Unlike in-person onboarding, you can set up many of the tasks to be asynchronous. Filling out W-4s, for example, is something that employees can do as part of a checklist that happens when it’s convenient for them, on their own (paid) time, and without disruptive meetings. You may wish to set up training videos they can watch through a training portal in the same manner.
With more flexibility in how the onboarding tasks occur, new employees may not get as stressed or feel that everything is happening too quickly. Be sure that even in these self-guided tasks, you give your employees a way to reach out for help or to ask questions.
Any employee can benefit
In-office employees who won’t work remotely can still take advantage of the online paperwork and training modules. This ensures that their first day or two on the job isn’t dedicated to filling out forms. Instead, they can immediately start learning their new position and begin to network with other employees.
Why choose virtual onboarding
You can customize virtual onboarding to your company’s unique needs. It’s flexible as to what you do remotely and what you keep in-house. In addition to personalization, the perks of virtual onboarding include the following.
1. Reduced transportation and accommodation expenses
This is particularly true when employees are relocating or working in a branch office. Instead of flying an employee in for their orientation week at corporate headquarters, you could handle part of it remotely and then send them to their peripheral office location to start work.
2. Less time spent setting up paperwork sessions
Legal or training needs can happen outside of regular office hours at the employee’s convenience. This may significantly speed up the onboarding timeline.
3. Early adoption of remote work tech and tools
If your new hire will need tools like Slack or WebEx to do their job from home, it makes sense to include it as part of onboarding from day one. It’s much less stressful to adjust to the tech through the virtual onboarding process, before full work duties begin. This easing-in process can help team members feel better about those tools when it comes time to get down to business.

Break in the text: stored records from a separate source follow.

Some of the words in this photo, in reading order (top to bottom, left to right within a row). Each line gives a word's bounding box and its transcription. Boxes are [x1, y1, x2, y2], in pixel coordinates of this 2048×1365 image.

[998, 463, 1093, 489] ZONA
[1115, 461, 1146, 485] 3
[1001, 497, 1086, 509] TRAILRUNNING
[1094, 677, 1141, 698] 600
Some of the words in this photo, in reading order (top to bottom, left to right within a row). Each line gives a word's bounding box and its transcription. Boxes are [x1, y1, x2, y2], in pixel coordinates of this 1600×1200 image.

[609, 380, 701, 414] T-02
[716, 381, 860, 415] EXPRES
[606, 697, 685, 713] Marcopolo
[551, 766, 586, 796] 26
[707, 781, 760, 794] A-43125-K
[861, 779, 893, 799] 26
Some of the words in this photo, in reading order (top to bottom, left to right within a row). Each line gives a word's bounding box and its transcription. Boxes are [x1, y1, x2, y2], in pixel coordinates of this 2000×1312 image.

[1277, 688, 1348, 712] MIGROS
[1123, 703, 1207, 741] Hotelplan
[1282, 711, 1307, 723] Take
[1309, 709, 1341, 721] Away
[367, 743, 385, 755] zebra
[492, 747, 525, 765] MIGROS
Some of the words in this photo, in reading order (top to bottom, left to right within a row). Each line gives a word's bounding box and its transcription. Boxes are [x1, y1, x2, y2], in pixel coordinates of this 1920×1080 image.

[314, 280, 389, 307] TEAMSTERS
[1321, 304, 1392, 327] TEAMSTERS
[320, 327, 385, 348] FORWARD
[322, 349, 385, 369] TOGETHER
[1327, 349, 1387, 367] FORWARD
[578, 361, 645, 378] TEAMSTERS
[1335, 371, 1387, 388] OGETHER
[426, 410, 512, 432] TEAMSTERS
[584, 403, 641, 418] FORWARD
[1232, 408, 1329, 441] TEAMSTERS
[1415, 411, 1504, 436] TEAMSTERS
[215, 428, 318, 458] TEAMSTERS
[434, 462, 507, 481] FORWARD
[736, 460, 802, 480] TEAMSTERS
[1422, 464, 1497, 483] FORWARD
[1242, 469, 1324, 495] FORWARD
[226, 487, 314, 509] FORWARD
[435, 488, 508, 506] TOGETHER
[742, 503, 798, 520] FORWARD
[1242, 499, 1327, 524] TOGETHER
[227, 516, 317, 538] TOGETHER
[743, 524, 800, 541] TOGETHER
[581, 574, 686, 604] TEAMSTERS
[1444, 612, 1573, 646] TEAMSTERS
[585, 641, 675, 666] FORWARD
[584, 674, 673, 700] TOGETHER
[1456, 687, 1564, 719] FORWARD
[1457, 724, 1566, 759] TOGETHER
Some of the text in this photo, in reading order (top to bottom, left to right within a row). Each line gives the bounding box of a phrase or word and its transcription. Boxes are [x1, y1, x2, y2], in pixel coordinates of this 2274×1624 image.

4. More frequent touchpoints, earlier in the process
With traditional hiring, it’s not uncommon to send out the “you’re hired!” email and then not get the new hire into the office for a week or more to start onboarding. With a remote process, you can set up smaller, more rapid milestones to keep the employee interested and excited about the new position. Ghosting, which happens when a new hire doesn’t show up for the first day on the job, is less likely when you’ve made contact in the days leading up to day one.
Since the average new hire involves 54 different activities
, many of which are administrative, it's likely that you already have several tasks in your standard new hire process that you can simplify with online tools. This alone is a reason to consider it.
Best practices for virtual onboarding
Having a successful online onboarding process requires you to plan. You'll move in-person hire tasks to virtual, with close attention to efficiency, simplification, and personalization. Consider these tips as a starting point.
1. Get the paperwork out of the way
Dispense with formalities first. From direct deposit forms to tax withholding, finish the admin duties before anything else. Don’t skip secure methods made just for the task, as it can put your employees and your company at risk. Instead, use signature and delivery software or tools to make it easy for employees to sign things and return them without purchasing or downloading new apps. The investment made in a document service can limit excessive back-and-forth and show the employee that you take their privacy seriously.
2. Introduce and welcome them
It’s not enough to simply invite new employees to a Zoom meeting. Reach out to them personally before their first team meeting and inform them about how things will go. Then, during their first “get to know you” call, give them time to talk about themselves and why they joined the team. Encourage other employees to connect, whether it’s through the company Slack channel, Microsoft Teams, or another means.
3. Go over policies and benefits plans
Picking a health plan and reading through the employee handbook can be two of the more time-consuming admin tasks, and they can backfire if not handled with care. Give your employees time to read and acknowledge the policies set forth by your company. Also, offer them opportunities to ask questions about those things of which they are unsure.
Reinforce how the rules give way to a better company culture, which can create buy-in for things that will be more important as your company grows. You can schedule a one-on-one video meeting for them with your HR team to add a personal touch to the process.
4. Assign them a point person
Just like in an office setting, employees should know who to go to with concerns about their paycheck, tech troubleshooting, and other matters. Store all of the contact info somewhere they can access at any time, and lay out the plan for who to contact when they need help.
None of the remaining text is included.